Exercise description: Reproduce the closing run of lines below verbatim, from the line that contains "this 1536×2048 image." up to and including the final line.
====== Supplied records ======
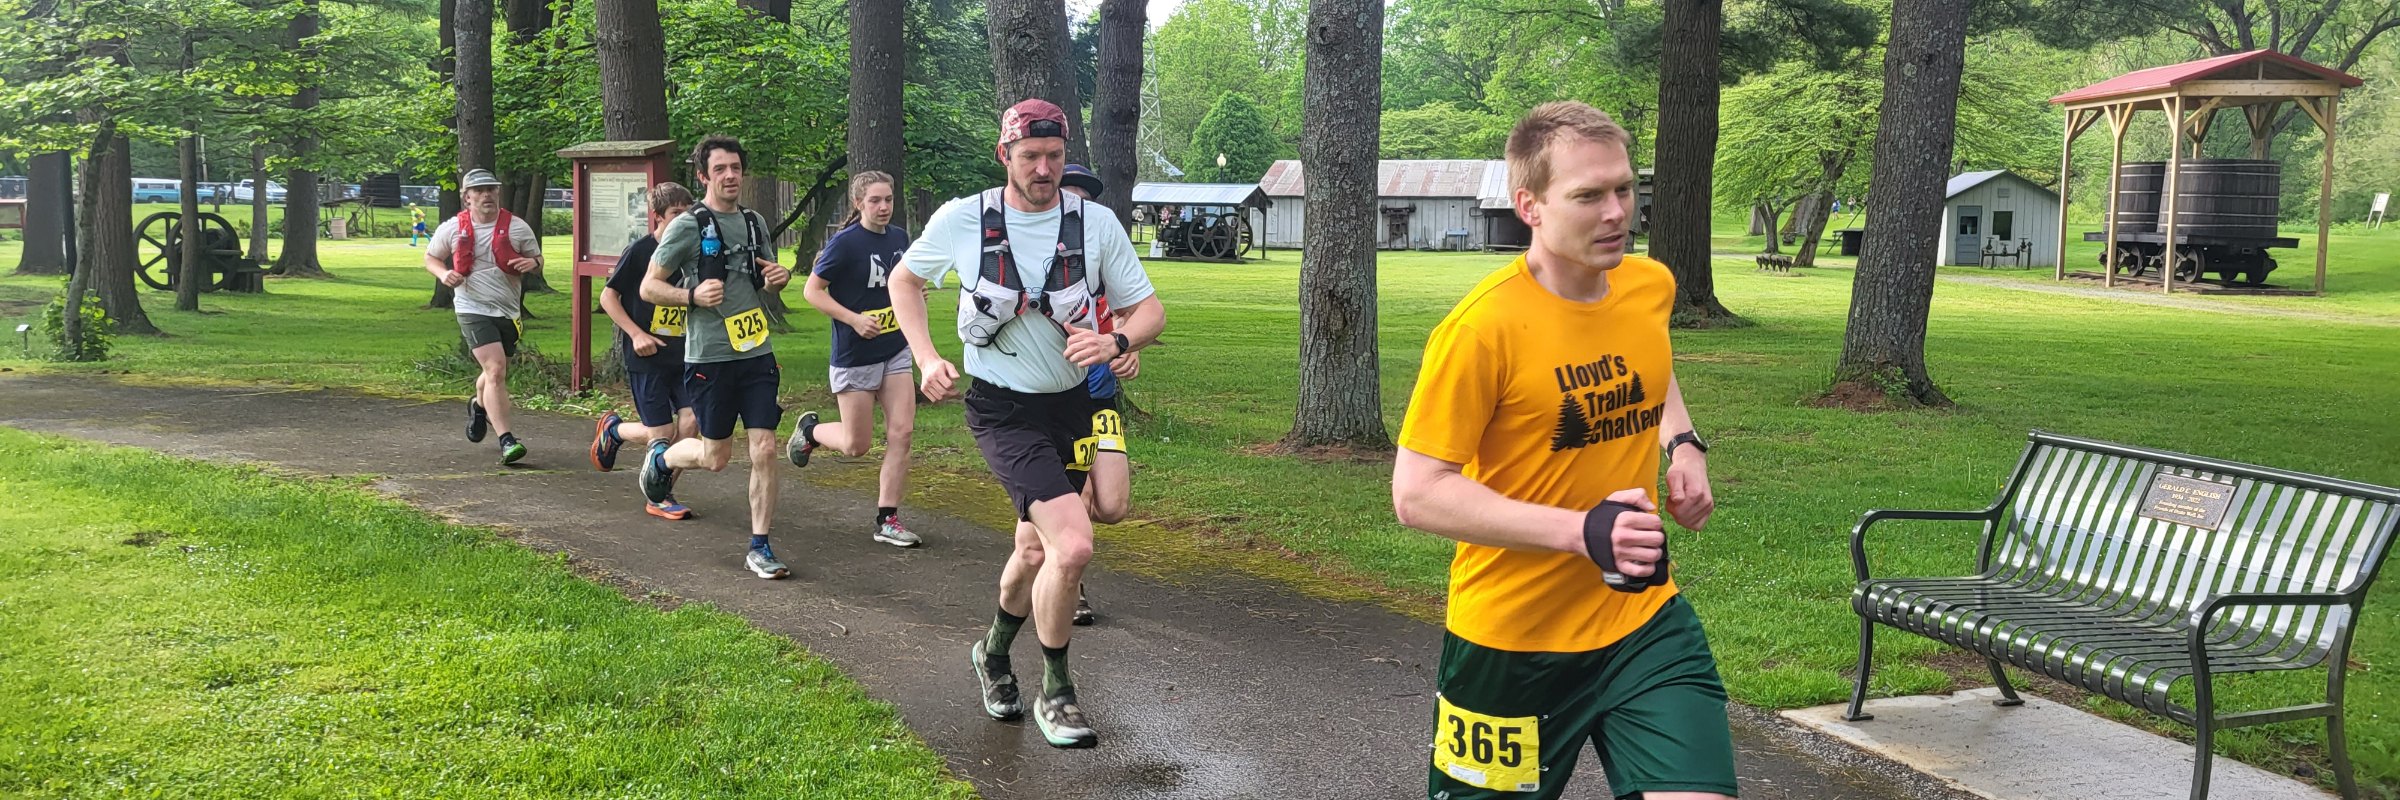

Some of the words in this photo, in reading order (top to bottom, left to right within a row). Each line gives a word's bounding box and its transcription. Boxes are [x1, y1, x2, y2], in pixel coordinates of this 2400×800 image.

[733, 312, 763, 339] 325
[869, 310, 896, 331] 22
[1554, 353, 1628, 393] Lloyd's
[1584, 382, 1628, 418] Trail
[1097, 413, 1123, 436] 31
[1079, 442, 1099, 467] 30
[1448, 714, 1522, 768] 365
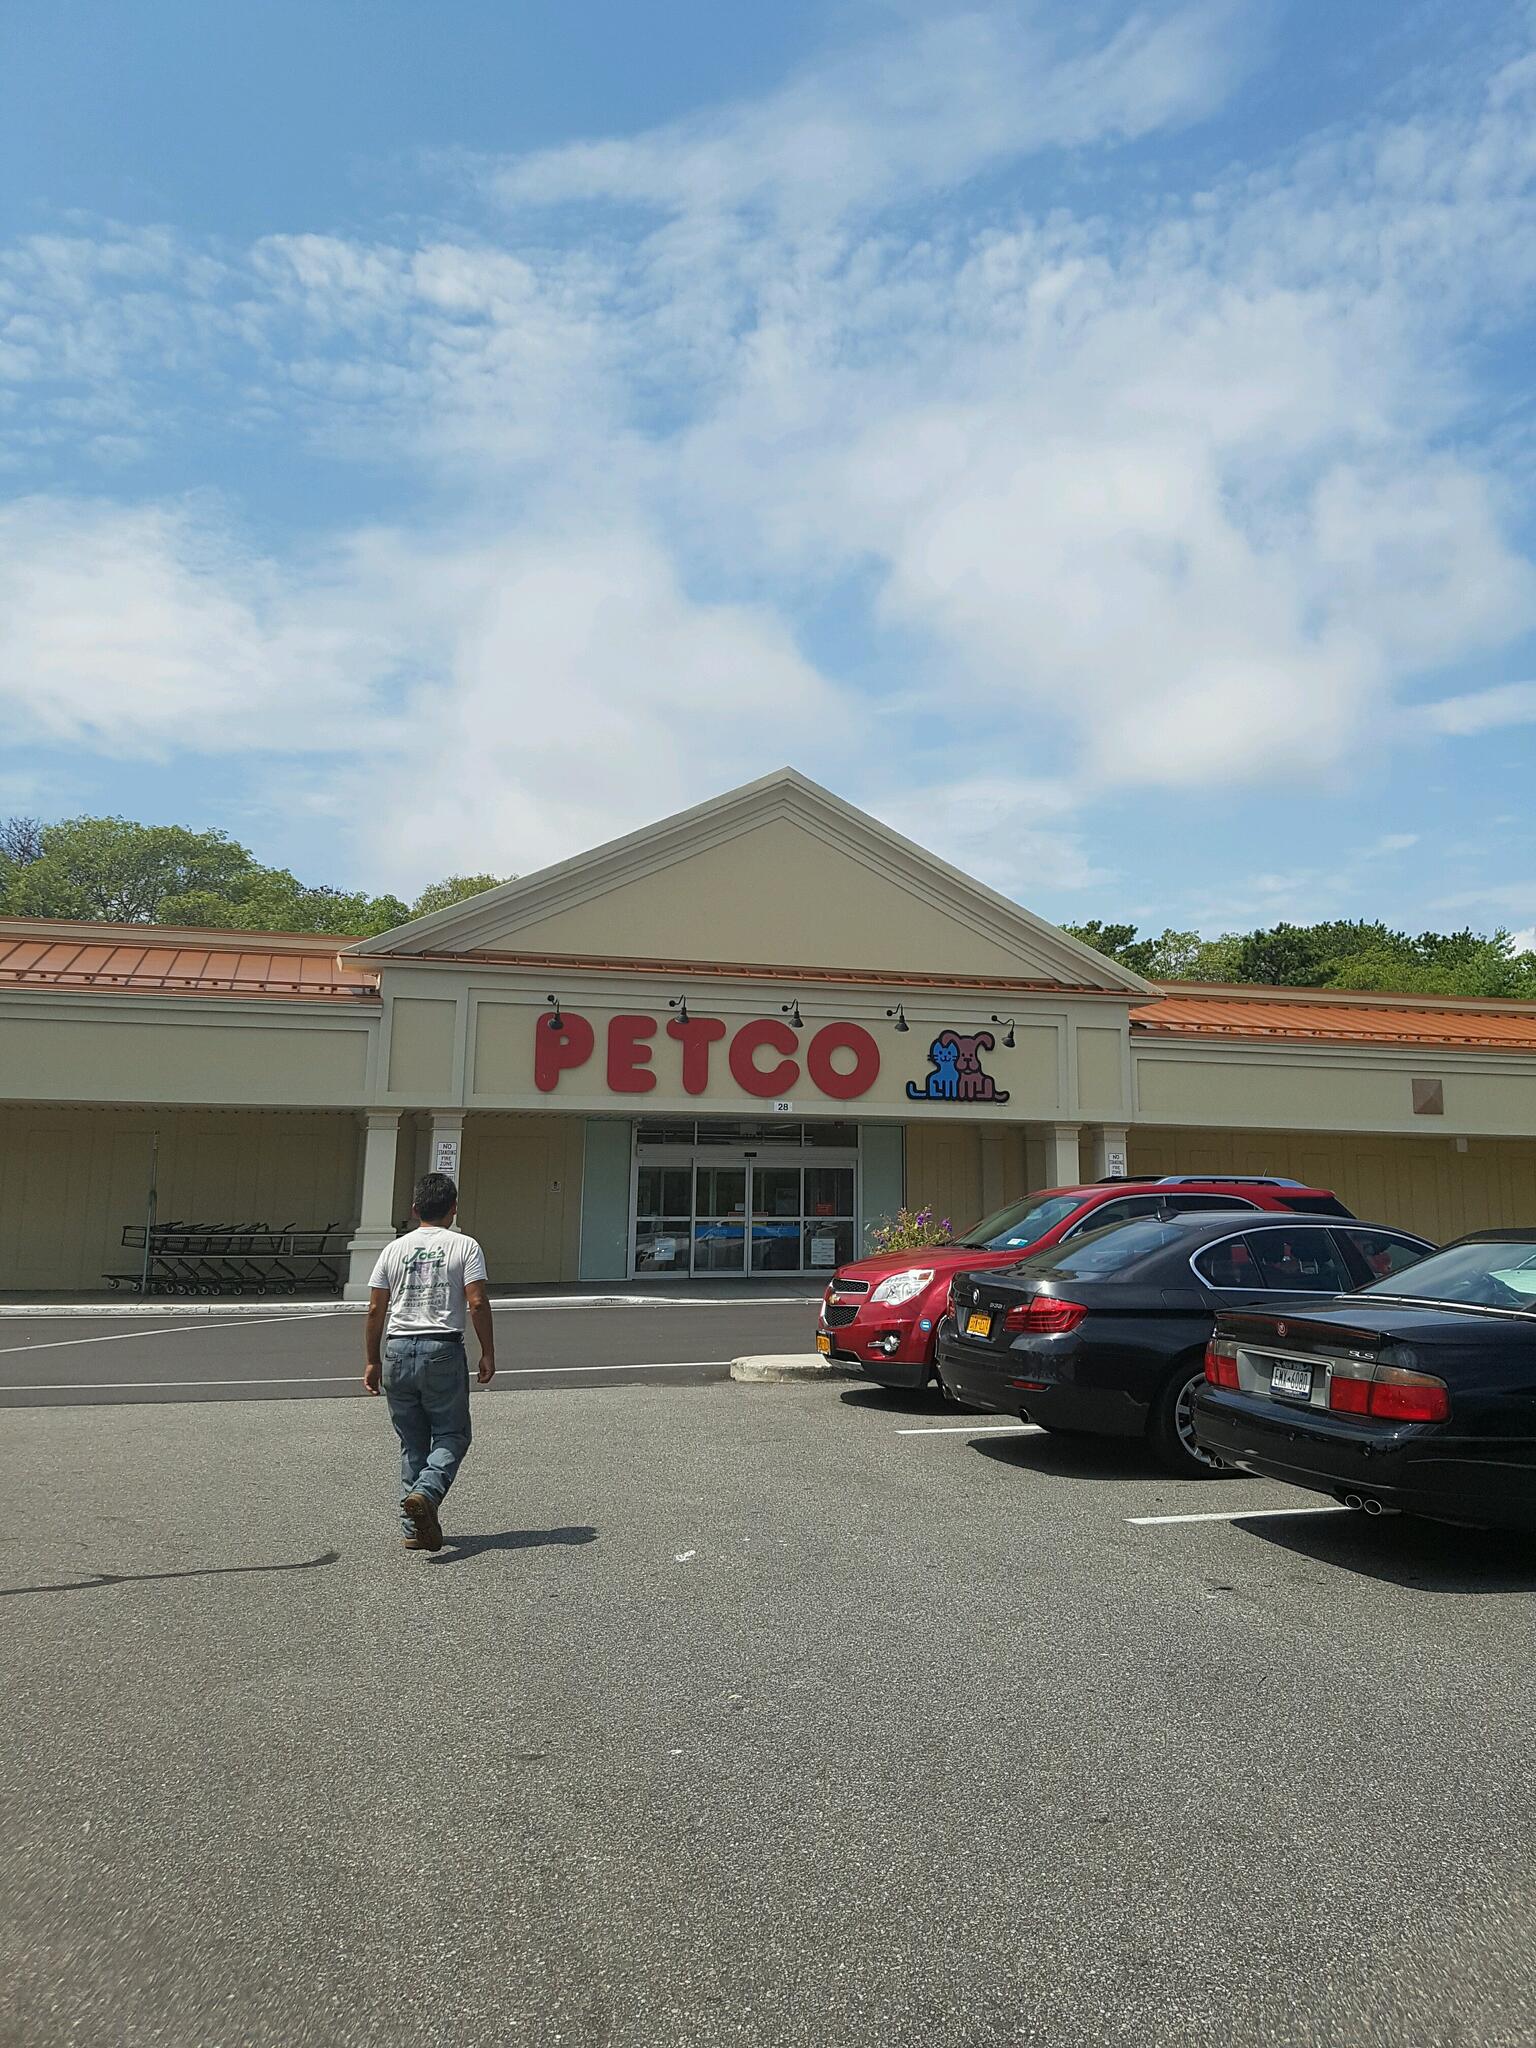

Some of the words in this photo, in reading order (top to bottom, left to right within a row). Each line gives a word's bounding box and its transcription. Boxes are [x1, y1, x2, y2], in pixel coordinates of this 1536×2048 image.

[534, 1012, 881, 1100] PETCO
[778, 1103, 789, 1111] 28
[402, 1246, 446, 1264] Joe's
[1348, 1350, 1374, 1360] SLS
======
Completed exercise:
Some of the words in this photo, in reading order (top to bottom, left to right within a row). Each line gives a word's bounding box and its transcription. Boxes are [x1, y1, x2, y2], in pixel coordinates of this 1536×2048 image.

[534, 1012, 881, 1100] PETCO
[778, 1103, 789, 1111] 28
[402, 1246, 446, 1264] Joe's
[1348, 1350, 1374, 1360] SLS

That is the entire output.